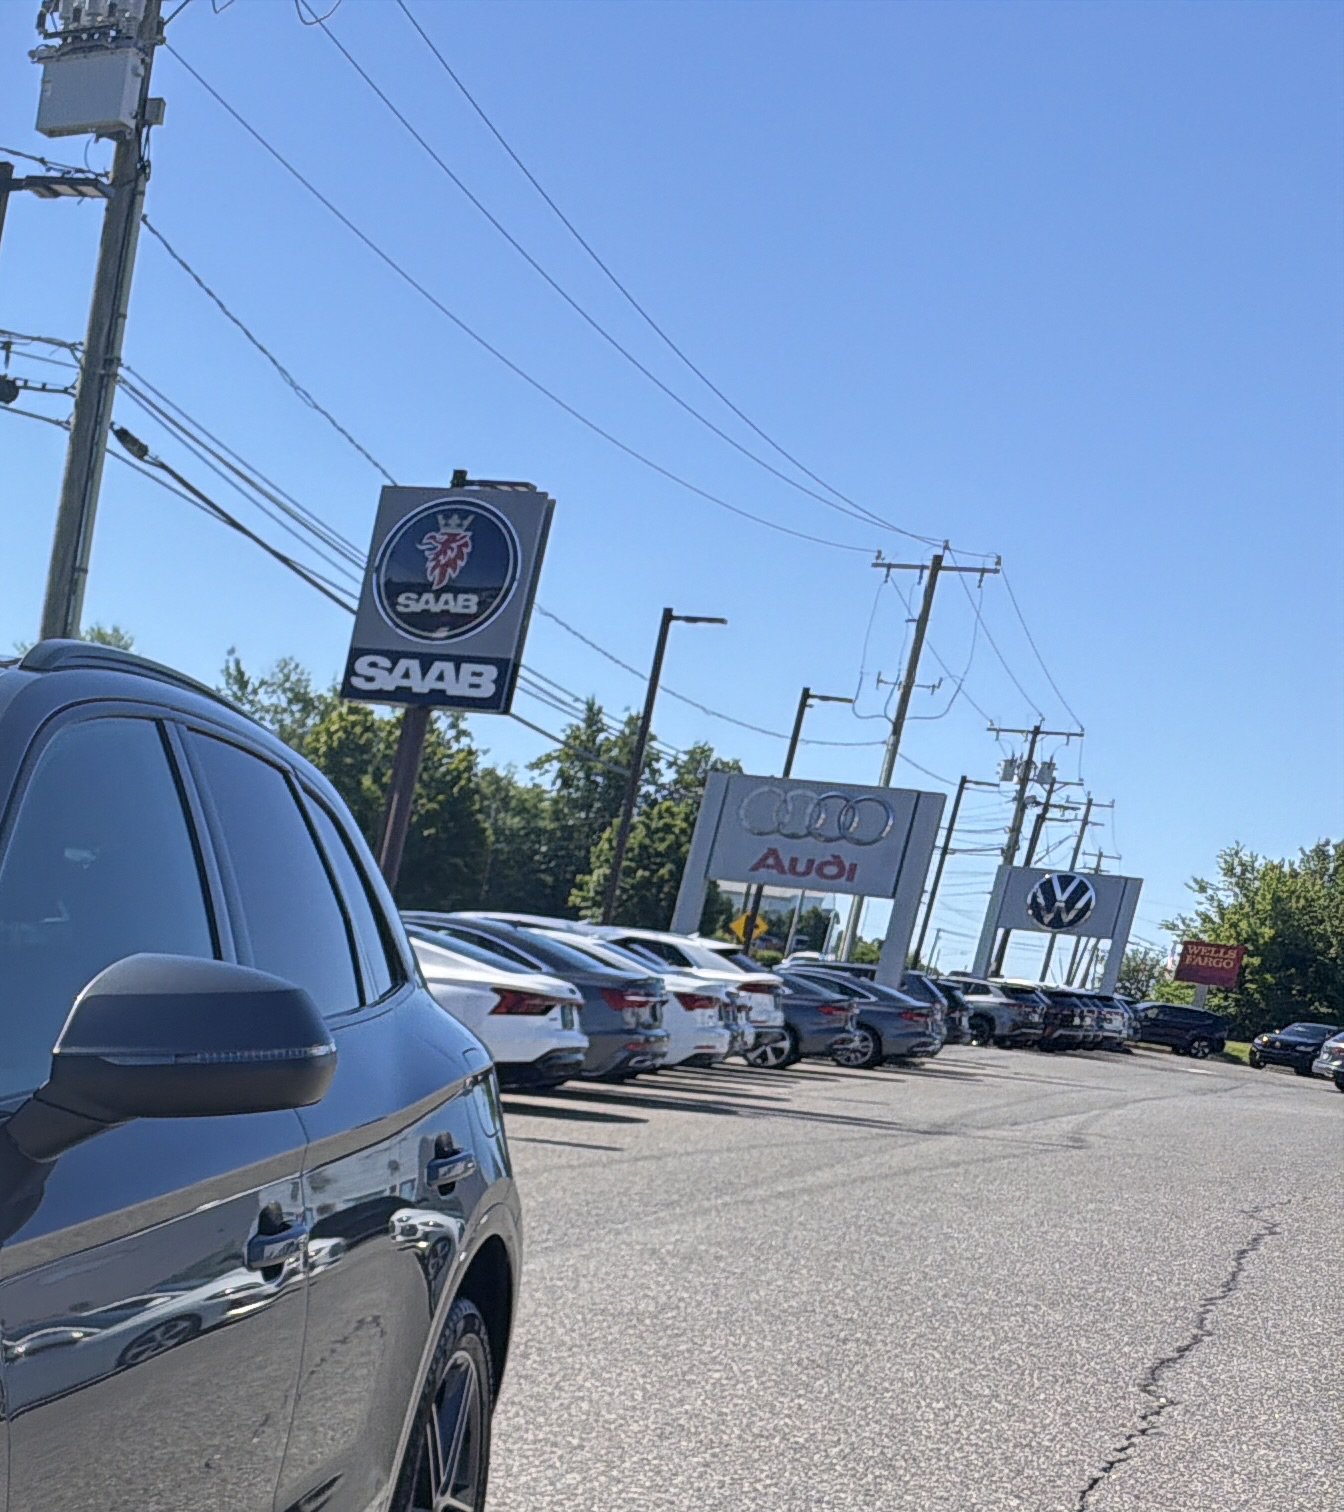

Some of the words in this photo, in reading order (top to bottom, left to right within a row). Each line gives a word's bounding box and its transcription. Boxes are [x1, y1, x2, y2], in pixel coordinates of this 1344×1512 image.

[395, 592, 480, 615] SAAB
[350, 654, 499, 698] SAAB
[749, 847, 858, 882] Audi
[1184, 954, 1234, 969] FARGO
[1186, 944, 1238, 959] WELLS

• _What needs to be done_
Every record should be duplicated exactly, though any picture in it must be left out.

• _Written answer_
Some of the words in this photo, in reading order (top to bottom, left to right within a row). Each line gives a word's bounding box and its transcription. Boxes are [x1, y1, x2, y2], in pixel coordinates of this 1344×1512 image.

[395, 592, 480, 615] SAAB
[350, 654, 499, 698] SAAB
[749, 847, 858, 882] Audi
[1184, 954, 1234, 969] FARGO
[1186, 944, 1238, 959] WELLS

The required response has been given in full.